Heritabilities and direct response
Using the full-sib family structure of the base population, we obtained an upper estimate of 0.84 for the narrow-sense heritability of total (aucubin + catalpol) iridoid glycoside content in the third and fourth leaf pair, with a lower 95% confidence limit of 0.37 ( Table 1). Estimates were slightly lower for the the two components aucubin (0.76) and catalpol (0.71, Table 1). Realized heritabilities of leaf iridoid glycoside content (±SE) estimated from regressions of the standardized cumulative selection response on the standardized cumulative selection differential based on ln-transformed data ( Fig. 1) were 0.226 ± 0.068 and 0.228 ± 0.039 for upward and downward selection, respectively. Analysis of the leaf iridoid glycoside content of plants after completion of the selection procedure, when lines from all generations were grown simultaneously in a common environment, showed that the direct response to selection was highly significant ( Table 2a, H vs. L line, P < 0.001). Leaf iridoid glycoside content of the H and L lines increasingly diverged over time ( Fig. 2A, Table 2a, interaction between generation and line H vs. L). In the H line, iridoid glycoside content increased on average by 127 mg g−1 leaf dry weight per generation over the M line, whereas a decrease of 73 mg g−1 was observed in the L line ( Fig. 2A). As a result, the average leaf iridoid glycoside level of plants from the H and L lines differed by a factor of 4 in the fourth generation.

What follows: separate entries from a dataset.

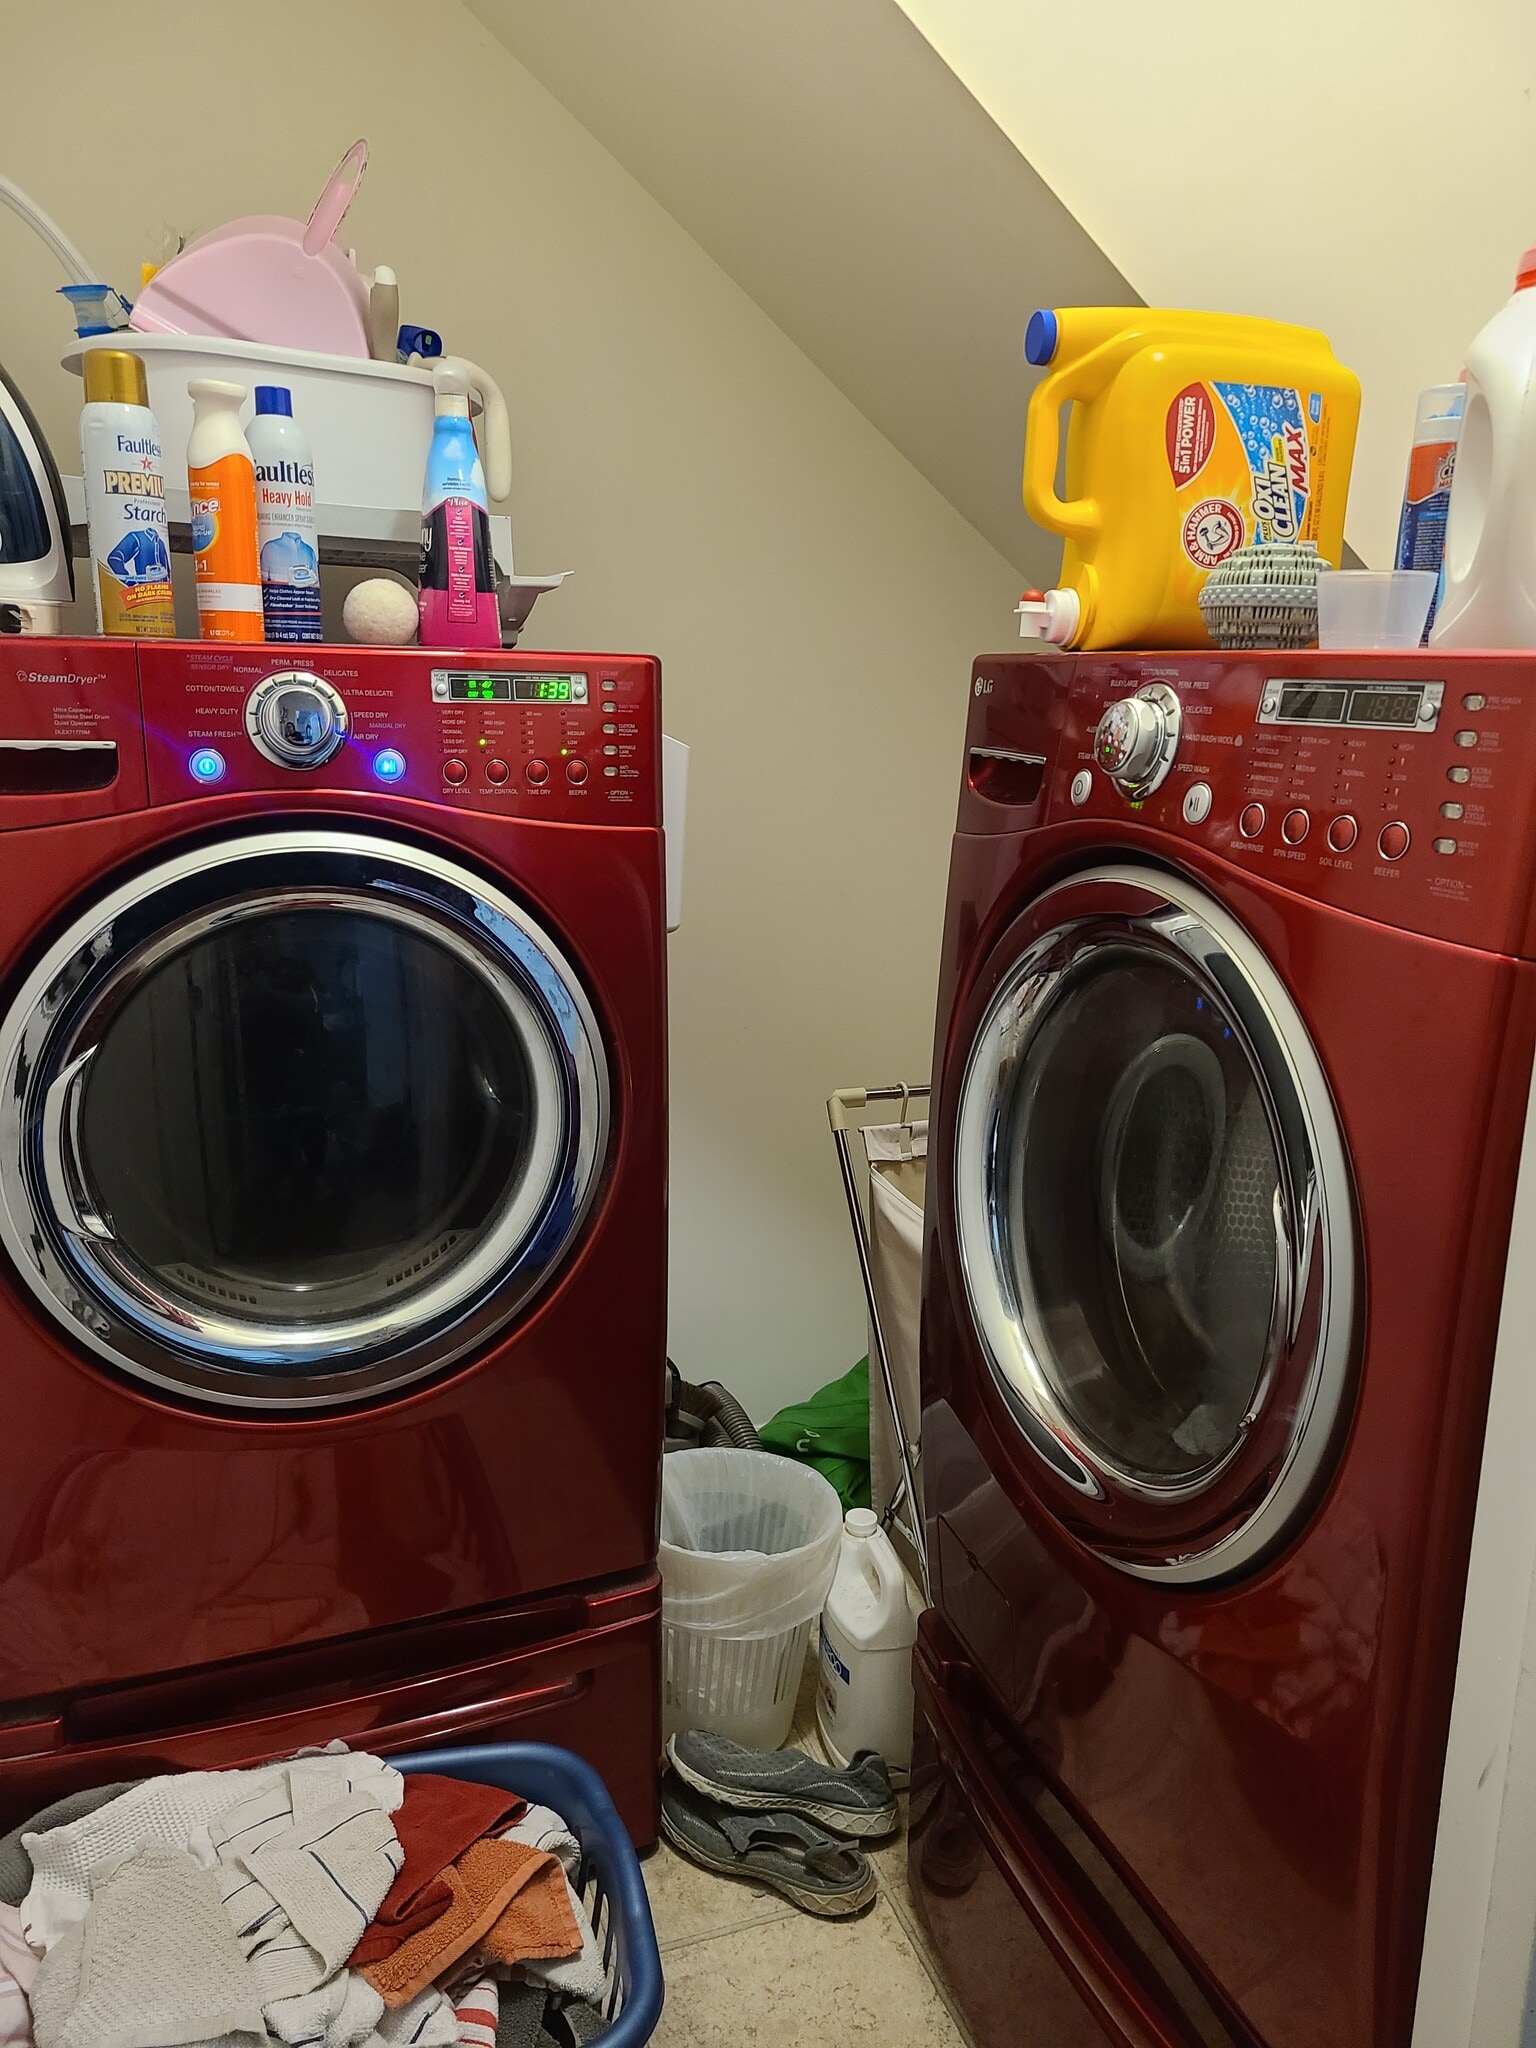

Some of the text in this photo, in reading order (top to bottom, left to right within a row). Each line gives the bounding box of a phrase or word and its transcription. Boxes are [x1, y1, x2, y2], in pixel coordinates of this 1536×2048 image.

[1181, 396, 1196, 448] POWER
[1285, 426, 1308, 494] MAX
[254, 459, 315, 488] aultles
[104, 471, 165, 500] PREMIU
[262, 487, 312, 508] Heavy Hold
[1253, 476, 1275, 521] OXI
[1268, 462, 1294, 537] CLEAN
[123, 503, 167, 524] Starch
[1187, 504, 1222, 566] ARM & HAMMER
[135, 584, 145, 593] NO
[126, 592, 137, 601] ON
[138, 590, 156, 599] DARK
[271, 658, 291, 666] PERM.
[233, 666, 263, 674] NORMAL
[323, 669, 359, 677] DELICATES
[185, 684, 245, 693] COTTON/TOWELS
[540, 681, 569, 699] 1:39
[983, 679, 994, 694] LG
[1178, 680, 1210, 690] PERM. PRESS
[1185, 705, 1213, 714] DELICATES
[353, 711, 389, 719] SPEED DRY
[188, 730, 212, 738] STEAM
[1185, 734, 1201, 742] HAND
[1177, 764, 1193, 772] SPEED
[1295, 764, 1317, 772] MEDIUM
[1342, 769, 1365, 777] NORMAL
[1292, 778, 1305, 786] LOW
[1289, 791, 1311, 801] NO SPIN
[1386, 803, 1399, 811] OFF
[1463, 811, 1485, 820] CYCLE
[1272, 848, 1307, 862] SPIN SPEED
[1318, 856, 1354, 871] SOIL LEVEL
[1373, 866, 1400, 879] BEEPER
[1434, 877, 1465, 889] OPTION

Table 1. The ANOVA of the effects of cross and reciprocal cross (nested within cross) on leaf content (%dw) of aucubin, catalpol and total iridoids (aucubin+catalpol) in P. lanceolata. The proportion of variance explained by each effect is indicated (%V). Narrow sense heritabilities (h2) and their 95% confidence limits are calculated from the variance component due to the cross effect. Data were ln-transformed prior to analysis.

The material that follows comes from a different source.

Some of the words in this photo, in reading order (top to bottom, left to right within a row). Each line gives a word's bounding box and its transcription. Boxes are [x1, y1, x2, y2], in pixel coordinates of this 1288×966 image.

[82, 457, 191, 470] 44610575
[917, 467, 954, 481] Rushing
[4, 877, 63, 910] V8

Table 2. The ANOVA of the effects of line and generation on (a) leaf and (b) stalk content (% dw) of aucubin, catalpol, total iridoids (aucubin+catalpol) and the ratio of catalpol to total iridoids in P. lanceolata. Orthogonal contrasts for line effects compare (1) the high (H) vs. the low (L) line, and (2) the medium (M) vs. the H and L line.

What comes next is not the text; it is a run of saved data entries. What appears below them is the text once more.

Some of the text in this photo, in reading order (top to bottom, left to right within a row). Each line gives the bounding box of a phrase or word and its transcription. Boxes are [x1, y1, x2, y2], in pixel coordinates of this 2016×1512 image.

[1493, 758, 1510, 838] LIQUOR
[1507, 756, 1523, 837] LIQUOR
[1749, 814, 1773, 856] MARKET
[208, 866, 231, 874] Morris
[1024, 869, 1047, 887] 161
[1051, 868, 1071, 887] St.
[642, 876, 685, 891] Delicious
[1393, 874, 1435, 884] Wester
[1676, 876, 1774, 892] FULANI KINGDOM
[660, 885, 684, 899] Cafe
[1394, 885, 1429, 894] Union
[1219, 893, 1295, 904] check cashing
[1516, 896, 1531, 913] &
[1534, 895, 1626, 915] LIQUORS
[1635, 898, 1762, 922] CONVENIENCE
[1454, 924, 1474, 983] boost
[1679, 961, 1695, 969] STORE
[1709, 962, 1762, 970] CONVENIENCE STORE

Correlated responses of iridoid glycosides in other plant parts
Selection on leaf iridoid content of the third and fourth leaf pair led to a significant response of the iridoid content in leaves not subject to direct selection ( Table 3). The magnitude of this correlated response was significantly lower than that of the primary response (interaction between line and leaf fraction: F[1,96]=10.68, P=0.002); the difference between plants from the H and L selection line for leaves not subject to selection was only a factor of 2, compared with a factor of 3.8 for the primary response ( Table 3). Selection on total iridoid glycoside content in the leaves also resulted in a concomitant response of total iridoid-glycoside content in the stalks ( Fig. 2E, Table 2b). Both components of the total iridoid content, aucubin and catalpol, responded to selection. Selection for high total iridoid-glycoside content led to an increase of both aucubin and catalpol ( Fig. 2B–F, Table 2a,b). The response of catalpol was slightly asymmetrical ( Fig. 2C, Table 2a: contrast H and L vs. M); the response to upward selection was somewhat stronger than the response to downward selection. The relative increase in leaf-catalpol content during upward selection was larger than that of the aucubin content, resulting in an increase in the ratio of catalpol to the total iridoid glycosides ( Fig. 2D, Table 2a). The ratio did not change during downward selection ( Fig. 2D). In the stalk tissue the ratio slightly increased in both the upward and downward selected lines ( Fig. 2H, Table 2b). On the whole, the concentration of catalpol was roughly two times lower than that of its precursor aucubin in the leaves ( Fig. 2B,C), whereas the two compounds were present in roughly equal amounts in the stalks ( Fig. 2E,F). Consequently, the ratio of catalpol to the total iridoid glycoside content was higher in the stalks than in the leaves ( Fig. 2D,H).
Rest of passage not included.